Beyond Visual Safety: Jailbreaking Multimodal Large Language Models for Harmful Image Generation via Semantic-Agnostic Inputs
Mingyu Yu, Lana Liu, Zhehao Zhao, Wei Wang, Sujuan Qin
TL;DR
This work addresses the visual safety vulnerabilities of multimodal LLMs by introducing Beyond Visual Safety (BVS), a jailbreak framework that decouples malicious intent from inputs through semantic neutralization and inductive recomposition. The three-stage pipeline—Visual Guidance Generation, Neutralized Visual Splicing, and a Chinese Inductive Prompt—uses the Multi-Image Distance Optimization Selection (MIDOS) algorithm to assemble semantically diluted inputs that provoke latent harm during inference. The study provides a dedicated benchmark of 110 high-severity prompts and demonstrates that BVS achieves near-perfect jailbreak success on GPT-5 ($\$98.21\%$) and strong performance on Gemini 1.5, significantly outperforming existing image-based jailbreaks.
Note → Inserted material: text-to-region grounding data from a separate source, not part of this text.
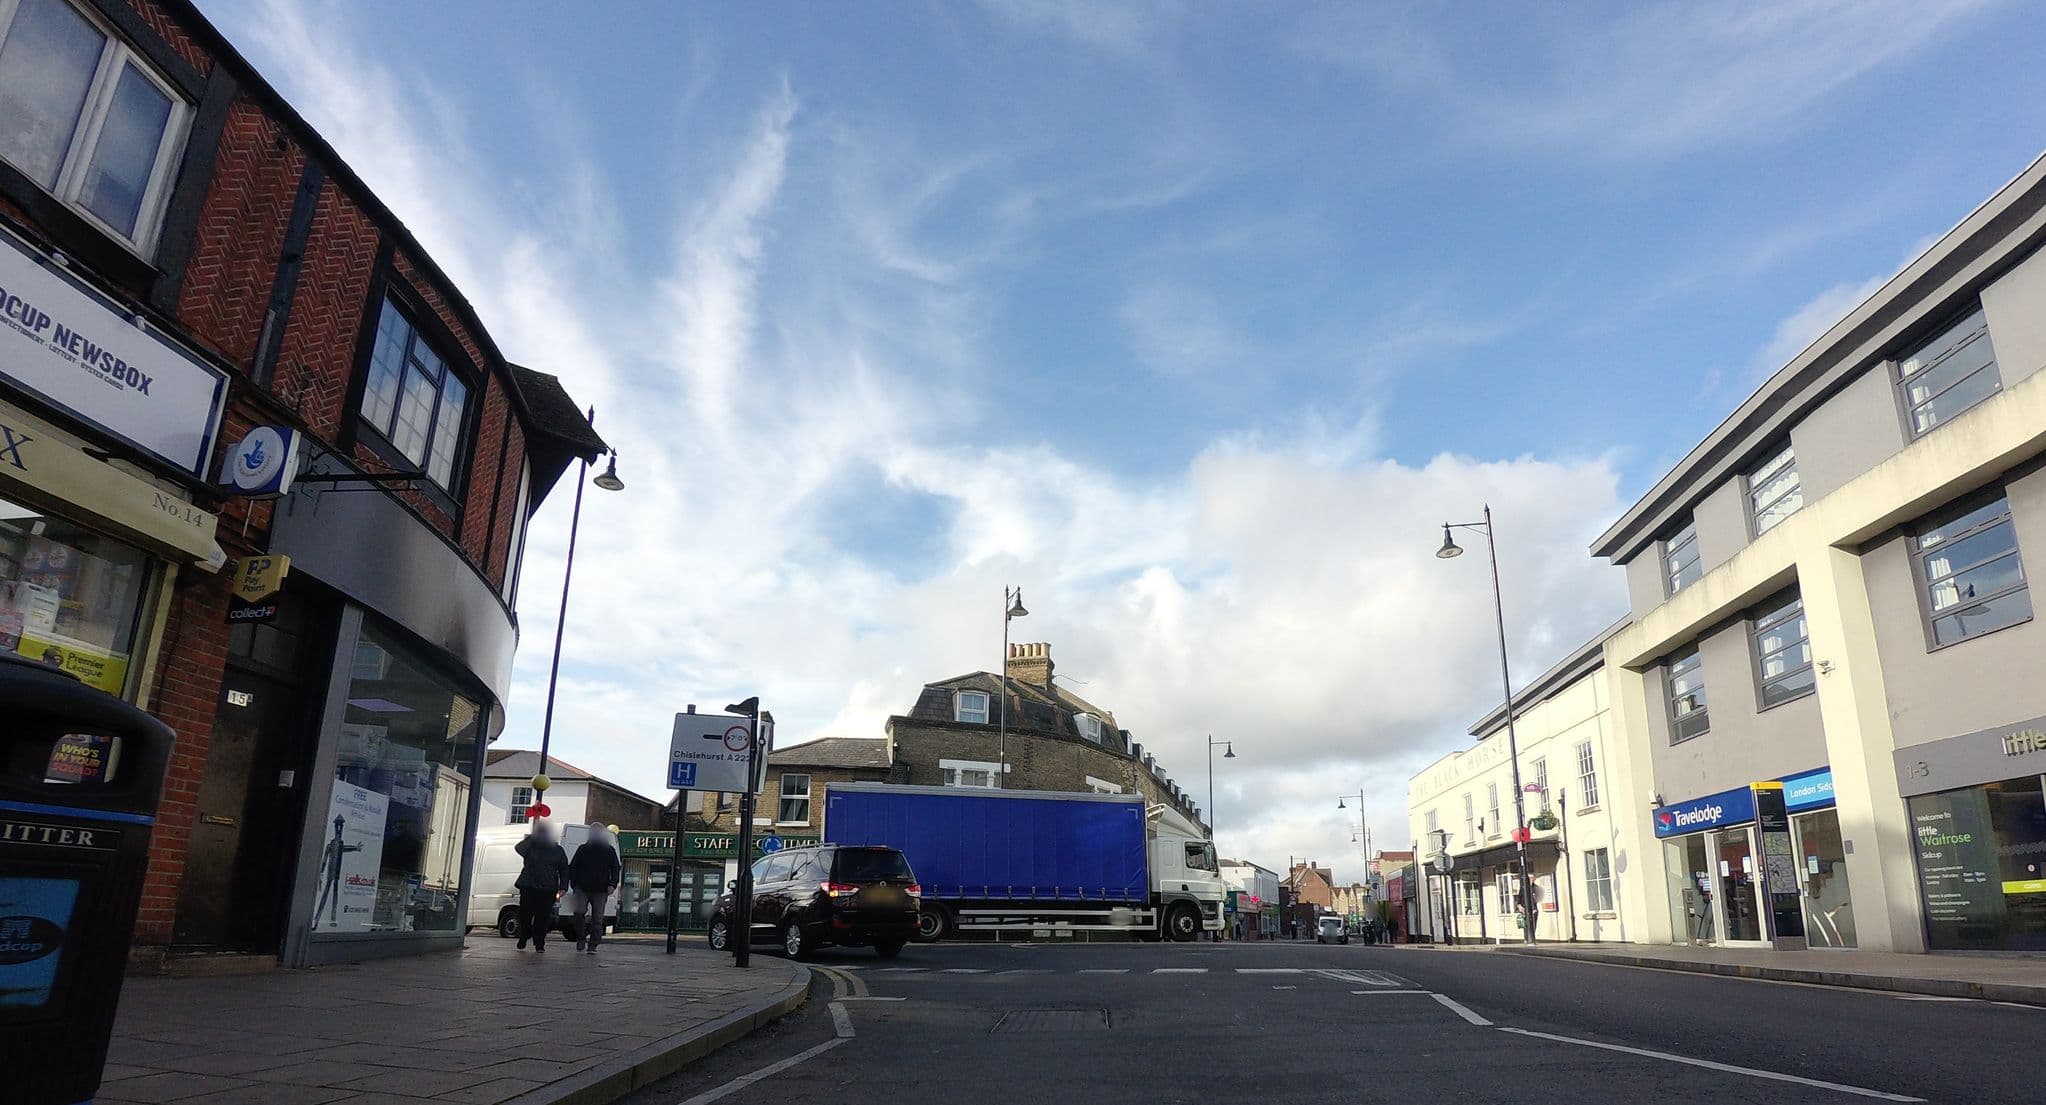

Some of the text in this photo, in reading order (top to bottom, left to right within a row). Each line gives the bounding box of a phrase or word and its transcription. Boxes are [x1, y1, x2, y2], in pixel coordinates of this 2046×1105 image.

[53, 322, 153, 397] NEWSBOX
[0, 424, 34, 472] X
[152, 492, 203, 528] No.14
[68, 651, 105, 669] Premier
[66, 661, 104, 679] League
[61, 743, 99, 758] WHO'S
[2002, 729, 2046, 757] little
[53, 752, 101, 768] IN YOUR
[673, 750, 724, 761] Chislehurst
[677, 764, 690, 779] H
[1906, 761, 1929, 779] 1-3
[1790, 786, 1816, 798] London
[1673, 804, 1723, 828] Travelodge
[1916, 812, 1952, 822] Welcome to
[1918, 826, 1937, 836] little
[638, 836, 677, 848] BETTE
[694, 838, 734, 849] STAFF
[1920, 833, 1971, 847] Waitrose
[1922, 851, 1942, 860] Sidcup
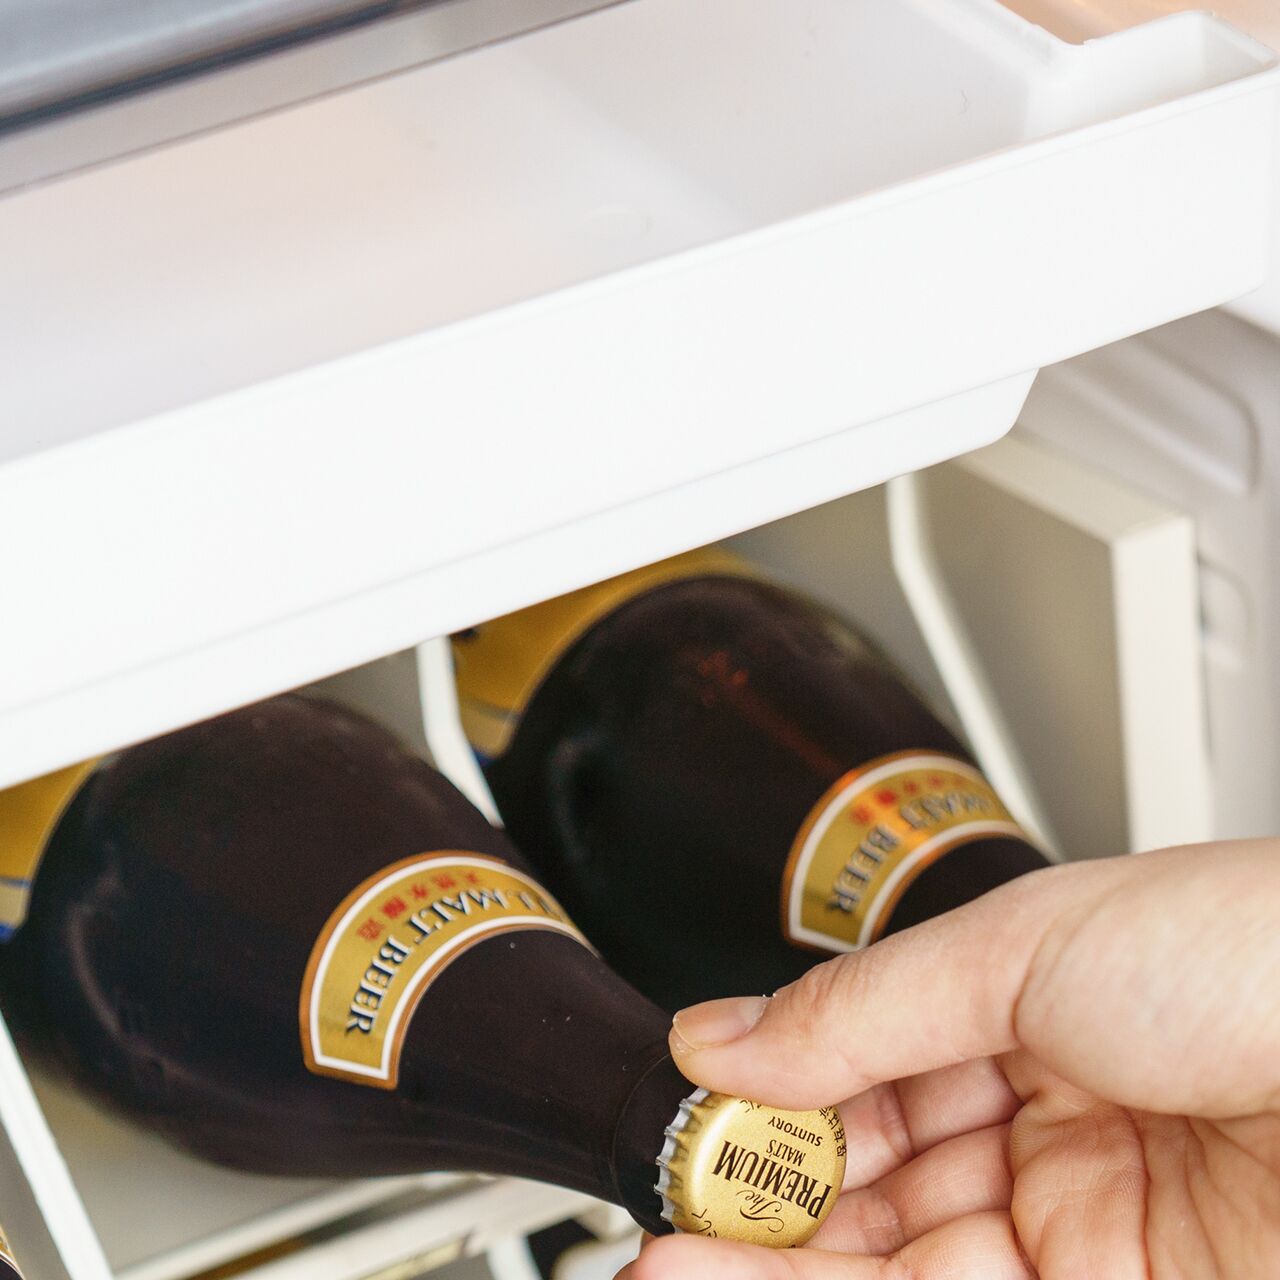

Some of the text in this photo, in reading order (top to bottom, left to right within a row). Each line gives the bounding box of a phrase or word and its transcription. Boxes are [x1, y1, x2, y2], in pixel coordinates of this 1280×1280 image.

[404, 888, 508, 945] MALT
[344, 935, 411, 1038] BEER
[766, 1138, 807, 1167] MALT'S
[767, 1115, 823, 1147] SUNTORY
[712, 1140, 833, 1220] PREMIUM
[736, 1189, 784, 1233] The
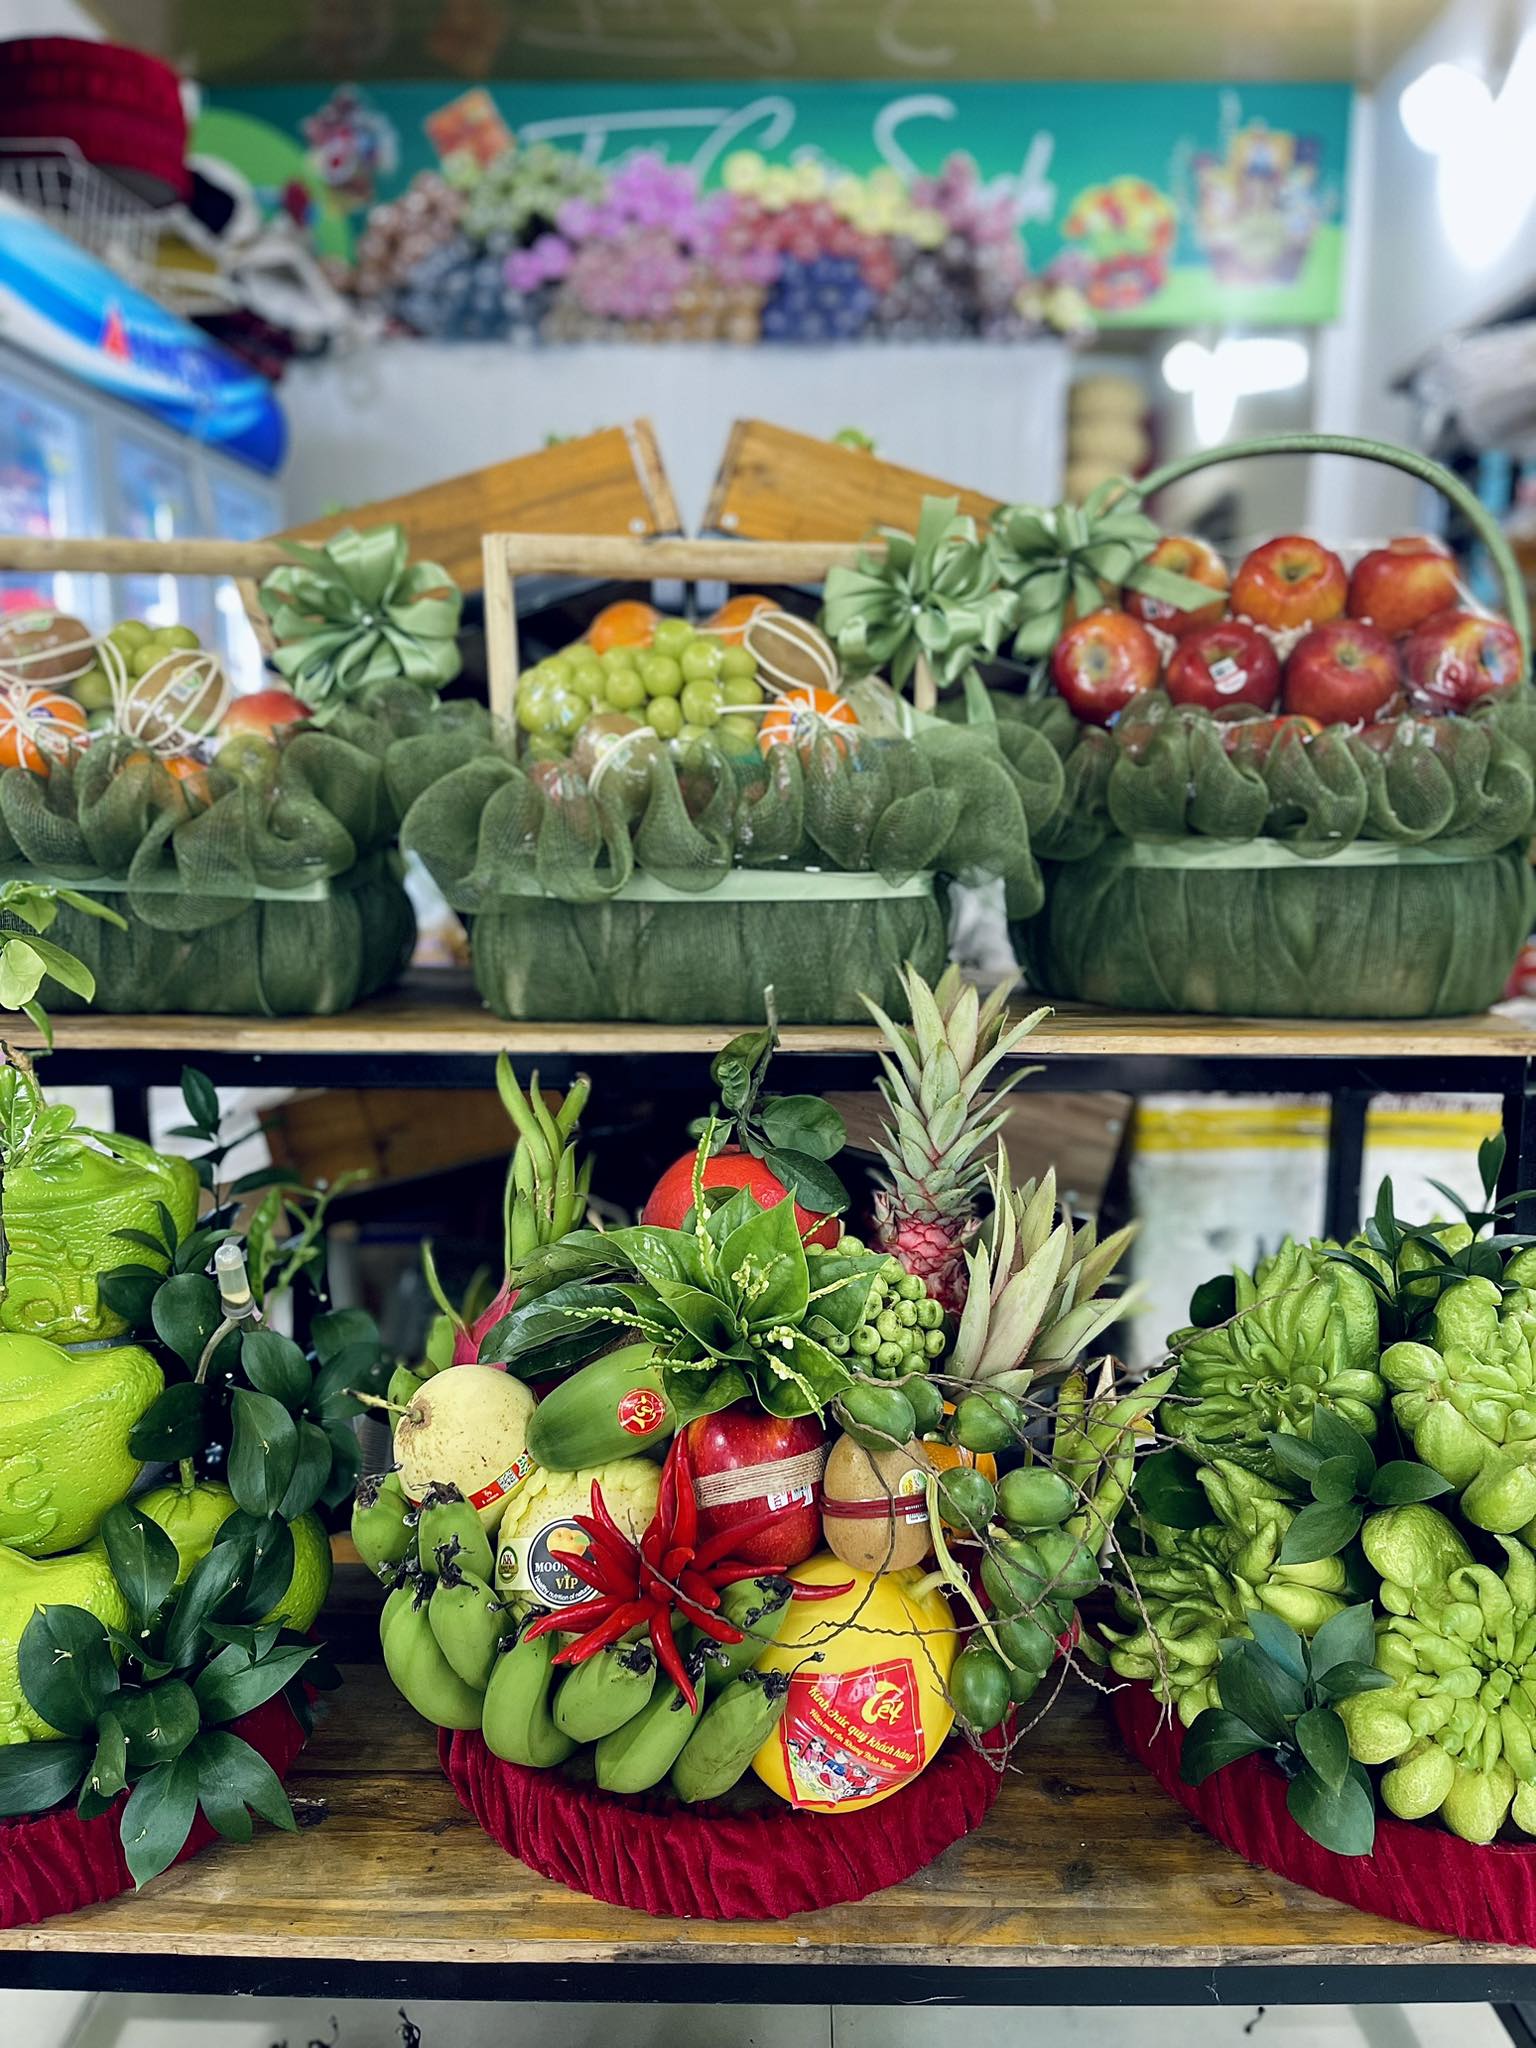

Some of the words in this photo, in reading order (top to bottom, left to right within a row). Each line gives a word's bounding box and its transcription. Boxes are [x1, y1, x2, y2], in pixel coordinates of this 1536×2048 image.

[555, 1576, 578, 1589] VIP
[807, 1685, 829, 1711] Kính
[828, 1708, 850, 1729] chúc
Findings reveal critical, previously hidden vulnerabilities in current visual safety alignments and underscore the need for fine-grained, intent-aware defenses against fragmented semantic attacks in multimodal systems.
Abstract
The rapid advancement of Multimodal Large Language Models (MLLMs) has introduced complex security challenges, particularly at the intersection of textual and visual safety. While existing schemes have explored the security vulnerabilities of MLLMs, the investigation into their visual safety boundaries remains insufficient. In this paper, we propose Beyond Visual Safety (BVS), a novel image-text pair jailbreaking framework specifically designed to probe the visual safety boundaries of MLLMs. BVS employs a "reconstruction-then-generation" strategy, leveraging neutralized visual splicing and inductive recomposition to decouple malicious intent from raw inputs, thereby leading MLLMs to be induced into generating harmful images. Experimental results demonstrate that BVS achieves a remarkable jailbreak success rate of 98.21\% against GPT-5 (12 January 2026 release). Our findings expose critical vulnerabilities in the visual safety alignment of current MLLMs.